#### DATA TO PROCESS
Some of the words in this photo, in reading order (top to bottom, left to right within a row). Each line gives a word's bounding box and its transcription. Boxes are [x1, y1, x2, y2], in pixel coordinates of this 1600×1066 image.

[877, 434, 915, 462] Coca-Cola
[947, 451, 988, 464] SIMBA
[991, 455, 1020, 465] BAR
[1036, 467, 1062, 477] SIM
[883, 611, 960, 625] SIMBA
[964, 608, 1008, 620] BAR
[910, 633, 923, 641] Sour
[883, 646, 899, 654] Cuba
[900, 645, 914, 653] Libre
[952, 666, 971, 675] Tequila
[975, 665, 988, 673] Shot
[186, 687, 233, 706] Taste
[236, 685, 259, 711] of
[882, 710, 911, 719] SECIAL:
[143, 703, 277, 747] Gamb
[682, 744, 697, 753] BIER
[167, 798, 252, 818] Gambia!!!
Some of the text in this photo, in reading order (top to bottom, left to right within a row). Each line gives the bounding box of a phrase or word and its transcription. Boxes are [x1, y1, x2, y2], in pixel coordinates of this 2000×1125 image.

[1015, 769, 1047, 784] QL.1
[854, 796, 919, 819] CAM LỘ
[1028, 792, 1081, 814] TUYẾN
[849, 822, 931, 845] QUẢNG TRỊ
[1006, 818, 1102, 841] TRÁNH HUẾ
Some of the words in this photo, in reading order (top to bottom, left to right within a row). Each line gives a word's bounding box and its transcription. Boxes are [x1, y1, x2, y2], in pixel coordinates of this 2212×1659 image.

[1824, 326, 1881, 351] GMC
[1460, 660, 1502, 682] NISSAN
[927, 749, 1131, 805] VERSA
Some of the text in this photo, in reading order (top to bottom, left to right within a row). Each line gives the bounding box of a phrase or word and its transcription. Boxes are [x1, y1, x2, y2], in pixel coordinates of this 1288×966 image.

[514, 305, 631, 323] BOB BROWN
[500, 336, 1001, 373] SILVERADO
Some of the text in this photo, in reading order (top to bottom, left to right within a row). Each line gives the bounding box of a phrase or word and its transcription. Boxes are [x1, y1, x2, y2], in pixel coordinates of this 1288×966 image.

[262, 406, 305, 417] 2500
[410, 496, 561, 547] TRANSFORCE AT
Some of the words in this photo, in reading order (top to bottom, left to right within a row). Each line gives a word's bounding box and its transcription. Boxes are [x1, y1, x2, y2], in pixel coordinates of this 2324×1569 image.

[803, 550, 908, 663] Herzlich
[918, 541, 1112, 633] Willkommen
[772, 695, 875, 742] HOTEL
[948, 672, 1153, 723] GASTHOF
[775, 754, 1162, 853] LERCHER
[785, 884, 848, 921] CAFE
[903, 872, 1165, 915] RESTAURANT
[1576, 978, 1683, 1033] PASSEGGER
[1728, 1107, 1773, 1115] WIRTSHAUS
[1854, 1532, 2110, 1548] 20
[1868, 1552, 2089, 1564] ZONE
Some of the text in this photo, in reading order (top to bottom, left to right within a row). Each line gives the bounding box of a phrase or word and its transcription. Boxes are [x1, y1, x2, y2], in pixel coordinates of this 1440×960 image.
########
Line by line, reproduce the data above exactly.

§ TASK OUTPUT
Some of the words in this photo, in reading order (top to bottom, left to right within a row). Each line gives a word's bounding box and its transcription. Boxes are [x1, y1, x2, y2], in pixel coordinates of this 1600×1066 image.

[877, 434, 915, 462] Coca-Cola
[947, 451, 988, 464] SIMBA
[991, 455, 1020, 465] BAR
[1036, 467, 1062, 477] SIM
[883, 611, 960, 625] SIMBA
[964, 608, 1008, 620] BAR
[910, 633, 923, 641] Sour
[883, 646, 899, 654] Cuba
[900, 645, 914, 653] Libre
[952, 666, 971, 675] Tequila
[975, 665, 988, 673] Shot
[186, 687, 233, 706] Taste
[236, 685, 259, 711] of
[882, 710, 911, 719] SECIAL:
[143, 703, 277, 747] Gamb
[682, 744, 697, 753] BIER
[167, 798, 252, 818] Gambia!!!
Some of the text in this photo, in reading order (top to bottom, left to right within a row). Each line gives the bounding box of a phrase or word and its transcription. Boxes are [x1, y1, x2, y2], in pixel coordinates of this 2000×1125 image.

[1015, 769, 1047, 784] QL.1
[854, 796, 919, 819] CAM LỘ
[1028, 792, 1081, 814] TUYẾN
[849, 822, 931, 845] QUẢNG TRỊ
[1006, 818, 1102, 841] TRÁNH HUẾ
Some of the words in this photo, in reading order (top to bottom, left to right within a row). Each line gives a word's bounding box and its transcription. Boxes are [x1, y1, x2, y2], in pixel coordinates of this 2212×1659 image.

[1824, 326, 1881, 351] GMC
[1460, 660, 1502, 682] NISSAN
[927, 749, 1131, 805] VERSA
Some of the text in this photo, in reading order (top to bottom, left to right within a row). Each line gives the bounding box of a phrase or word and its transcription. Boxes are [x1, y1, x2, y2], in pixel coordinates of this 1288×966 image.

[514, 305, 631, 323] BOB BROWN
[500, 336, 1001, 373] SILVERADO
Some of the text in this photo, in reading order (top to bottom, left to right within a row). Each line gives the bounding box of a phrase or word and its transcription. Boxes are [x1, y1, x2, y2], in pixel coordinates of this 1288×966 image.

[262, 406, 305, 417] 2500
[410, 496, 561, 547] TRANSFORCE AT
Some of the words in this photo, in reading order (top to bottom, left to right within a row). Each line gives a word's bounding box and its transcription. Boxes are [x1, y1, x2, y2], in pixel coordinates of this 2324×1569 image.

[803, 550, 908, 663] Herzlich
[918, 541, 1112, 633] Willkommen
[772, 695, 875, 742] HOTEL
[948, 672, 1153, 723] GASTHOF
[775, 754, 1162, 853] LERCHER
[785, 884, 848, 921] CAFE
[903, 872, 1165, 915] RESTAURANT
[1576, 978, 1683, 1033] PASSEGGER
[1728, 1107, 1773, 1115] WIRTSHAUS
[1854, 1532, 2110, 1548] 20
[1868, 1552, 2089, 1564] ZONE
Some of the text in this photo, in reading order (top to bottom, left to right within a row). Each line gives the bounding box of a phrase or word and its transcription. Boxes are [x1, y1, x2, y2], in pixel coordinates of this 1440×960 image.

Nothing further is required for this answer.